Rat et les animaux moches

A llez hop, du balai ! Rat «dégout-é» est chassé de la maison qu'il occupait depuis belle lurette. Baluchon noué au bout de la queue, il part en quête d'un nouveau logis. Mais, chats, tapettes à souris, et graines empoisonnées l'attendent sur un chemin parsemé d'embûches. Personne ne daigne lui ouvrir sa porte jusqu'au jour où il arrive dans un endroit où se sont regroupés une foule d'animaux tristes parce que hideux et d'aucune utilité.
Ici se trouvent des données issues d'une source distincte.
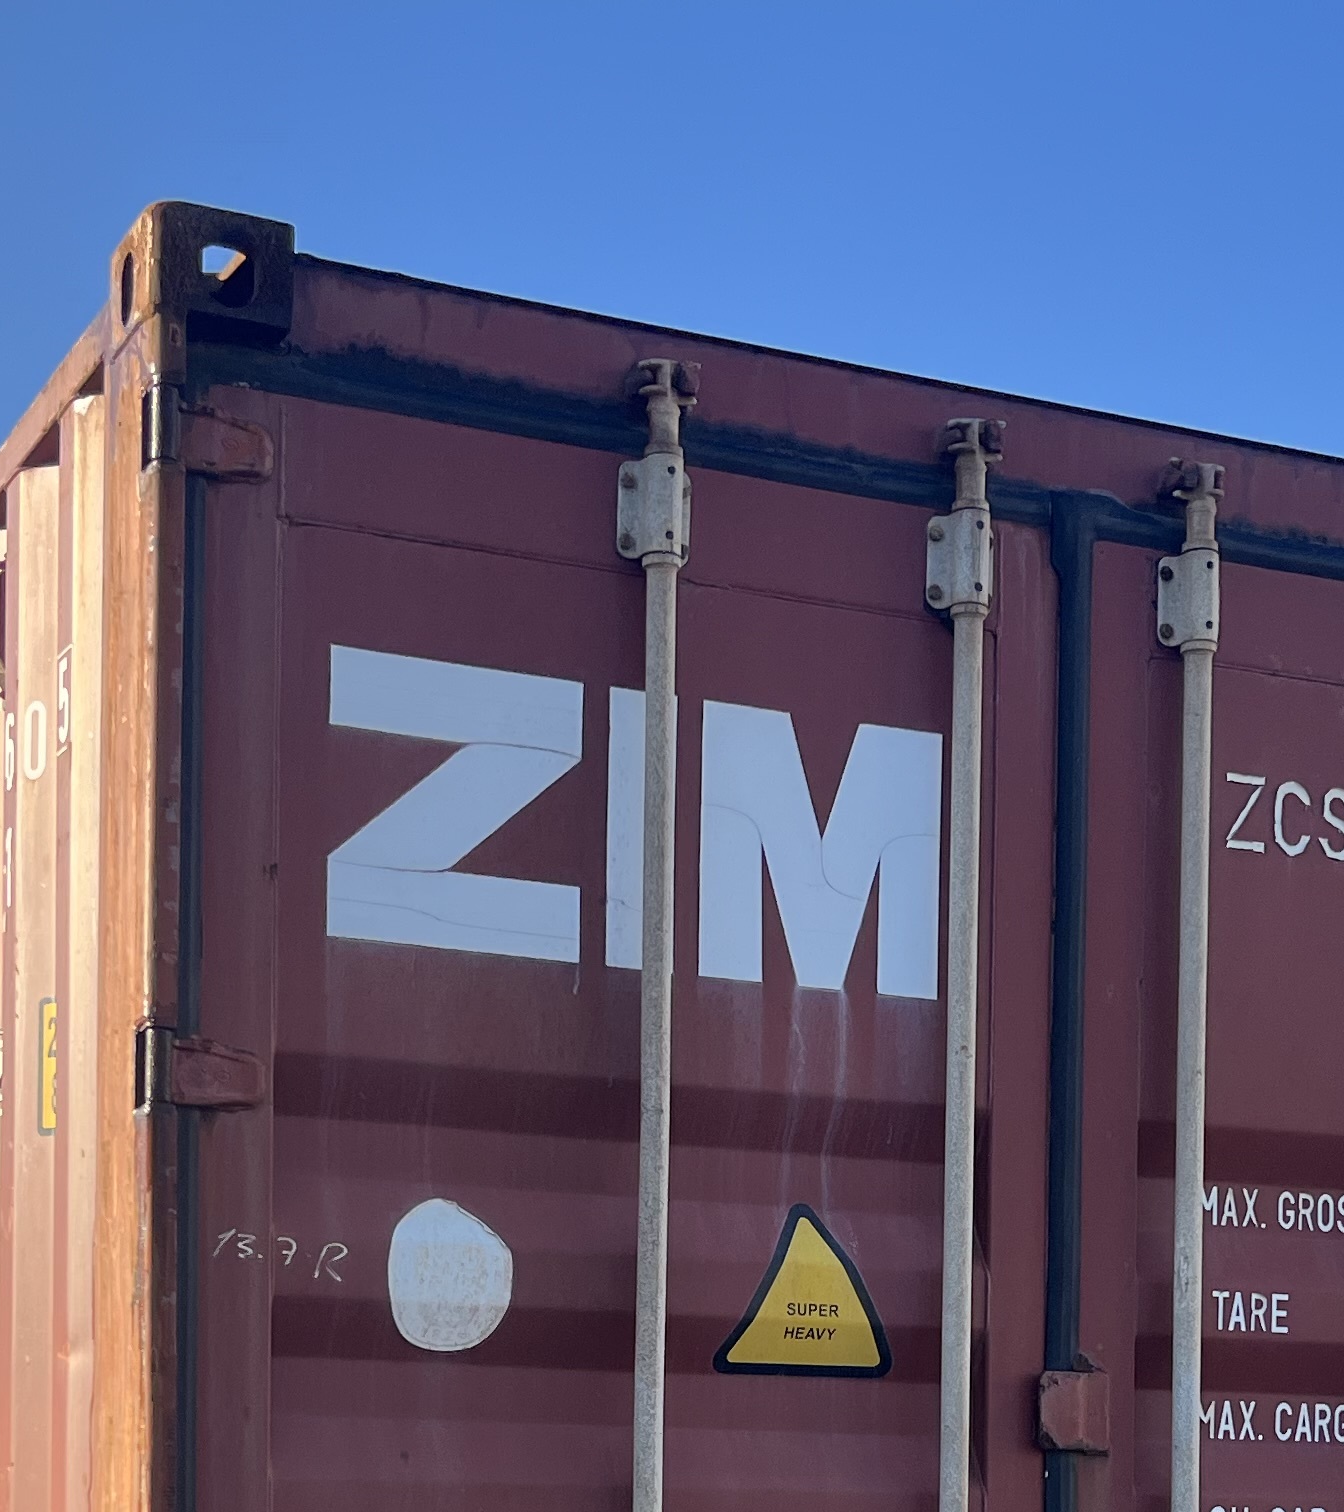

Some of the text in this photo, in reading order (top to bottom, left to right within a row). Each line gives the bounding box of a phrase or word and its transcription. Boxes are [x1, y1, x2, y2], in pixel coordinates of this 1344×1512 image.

[327, 644, 943, 1000] ZIM
[1202, 1185, 1267, 1230] MAX.
[786, 1302, 840, 1318] SUPER
[1211, 1290, 1289, 1334] TARE
[783, 1326, 837, 1341] HEAVY
[1199, 1400, 1264, 1441] MAX.
À l'entrée de ce lieu-dit, une pancarte branlante indique : «village des animaux moches qui font un petit peu peur» ! Bien que Rat y ait sa place, il est déterminé à se rebrousser les poils des pattes pour redonner espoir et joie de vivre à ses congénères. Pour ça, il a son idée.

«Sans rat, ni Dieu, L'homme serait radieux» (Franck Dhumes).
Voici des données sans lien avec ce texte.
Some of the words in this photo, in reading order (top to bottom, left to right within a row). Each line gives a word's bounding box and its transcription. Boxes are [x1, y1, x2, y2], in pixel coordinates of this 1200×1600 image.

Alchimie entre le livre et la bande dessinée, cet ouvrage de Sibylline et Jérôme d'Aviau (Trop Grand Vide d'Alphonse Tabouret) offre une histoire pleine de tendresse et de poésie autour d'un bestiaire peu gâté par Dame nature, mais ô combien attachante, et présente une réelle réflexion sur les raisons d'exister du bousier, de la lamproie et de leurs homologues aux physiques tout autant répugnants. L'absence surprenante de bulles et de cases proprement découpées, le lettrage sous les illustrations à l'aide d'avatars symbolisant les prises de parole, et l'accès possible à la version audio renforcent cette agréable impression de s'engouffrer délicatement dans un conte. Le dessin très soigné tout en noir et blanc, regorge de détails croustillant et humoristiques telles les représentations d'objets à l'abandon squattés par ces résidents (évils), les gueules très expressives, à l'image de l'araignée déprimée ou encore celle du piranha coincé dans son bocal et se déplaçant à bord d'un vieux landau.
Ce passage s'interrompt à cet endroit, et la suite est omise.